Depending on the country, a royalist may advocate for the rule of the person who sits on the throne, a regent, a pretender, or someone who would otherwise occupy the throne but has been deposed.


Monarchical rule is among the oldest political institutions.[5] Monarchies have existed in some form since ancient Sumeria.[6] Monarchy has often claimed legitimacy from a higher power (in early modern Europe the divine right of kings, and in China the Mandate of Heaven).

In England, royalty ceded power elsewhere in a gradual process. In 1215, a group of nobles forced King John to sign the Magna Carta, which guaranteed its barons certain liberties and established that the king's powers were not absolute. In 1687–88, the Glorious Revolution and the overthrow of King James II established the principles of constitutional monarchy, which would later be worked out by Locke and other thinkers. However, absolute monarchy, justified by Hobbes in Leviathan (1651), remained a prominent principle elsewhere. In the 18th century, Voltaire and others encouraged "enlightened absolutism", which was embraced by the Holy Roman Emperor Joseph II and by Catherine II of Russia.

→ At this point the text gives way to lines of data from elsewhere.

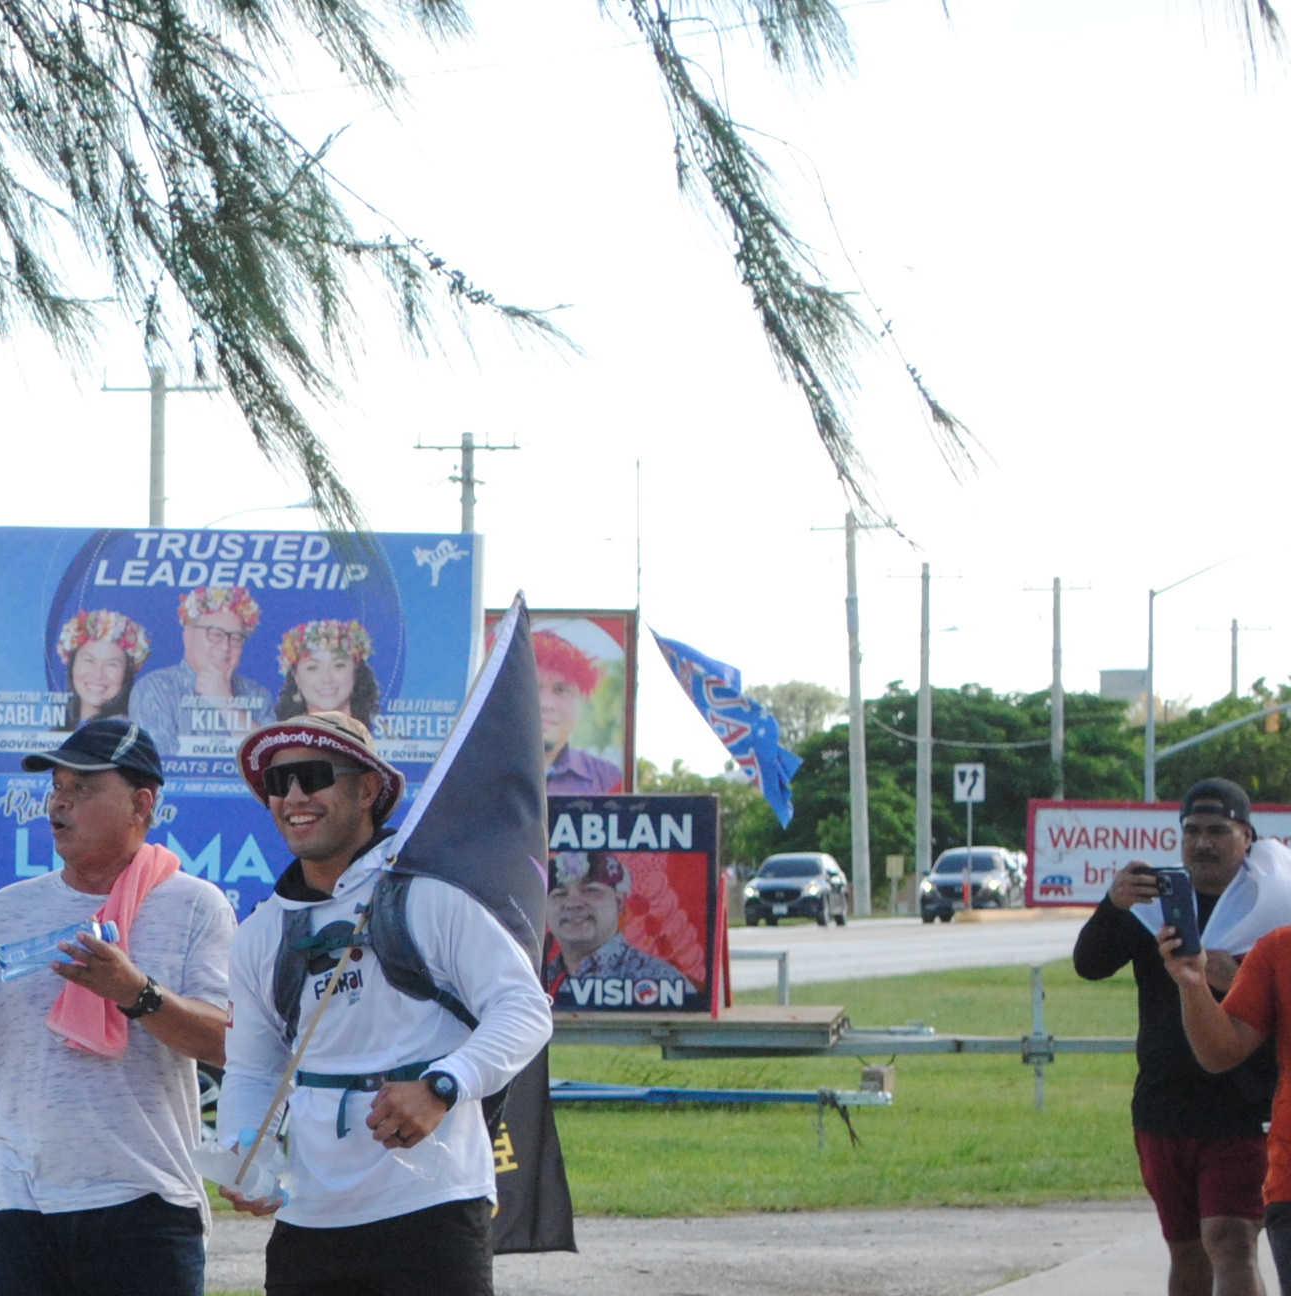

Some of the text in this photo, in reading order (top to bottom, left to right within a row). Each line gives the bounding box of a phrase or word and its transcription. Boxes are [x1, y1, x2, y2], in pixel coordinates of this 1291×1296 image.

[134, 532, 330, 561] TRUSTED
[93, 560, 369, 590] LEADERSHIP
[191, 710, 252, 731] KILILI
[193, 745, 239, 753] DELEGA
[391, 751, 440, 759] GOVERNO
[549, 813, 693, 849] ABLAN
[1048, 826, 1177, 851] WARNING
[569, 978, 684, 1006] VISION

In 1685 the Enlightenment began.[7] This would result in new anti-monarchist ideas[8] which resulted in several revolutions such as the 18th century American Revolution and the French Revolution which were both additional steps in the weakening of power of European monarchies. Each in its different way exemplified the concept of popular sovereignty upheld by Jean-Jacques Rousseau. 1848 then ushered in a wave of revolutions against the continental European monarchies.

World War I and the subsequent Interbellum

World War I and its aftermath saw the end of three major European monarchies: the Russian Romanov dynasty, the German Hohenzollern dynasty, including all other German monarchies and the Austro-Hungarian Habsburg dynasty.


The rise of the Hungarian Soviet Republic in 1919 provoked an increase in support for monarchism; however, efforts by Hungarian monarchists failed to bring back a royal head of state, and the monarchists settled for a regent, Admiral Miklós Horthy, to represent the monarchy until it could be restored. Horthy was regent from 1920 to 1944. During Horthy's rule, attempts were made by Karl von Habsburg to return to the Hungarian throne, which ultimately failed. Following Karl's death, his claim to the Kingdom of Hungary was inherited by Otto von Habsburg, although no further attempts were made to seize the Hungarian throne.


In similar wise the 1938 autocratic state of Franco in Spain claimed to have reconstituted the Spanish monarchy in absentia (and in this case ultimately yielded to a restoration, in the person of King Juan Carlos).


In 1920s Germany a number of monarchists gathered around the German National People's Party which demanded the return of the Hohenzollern monarchy and an end to the Weimar Republic; the party retained a large base of support until the rise of Nazism in the 1930s, which opposed monarchism.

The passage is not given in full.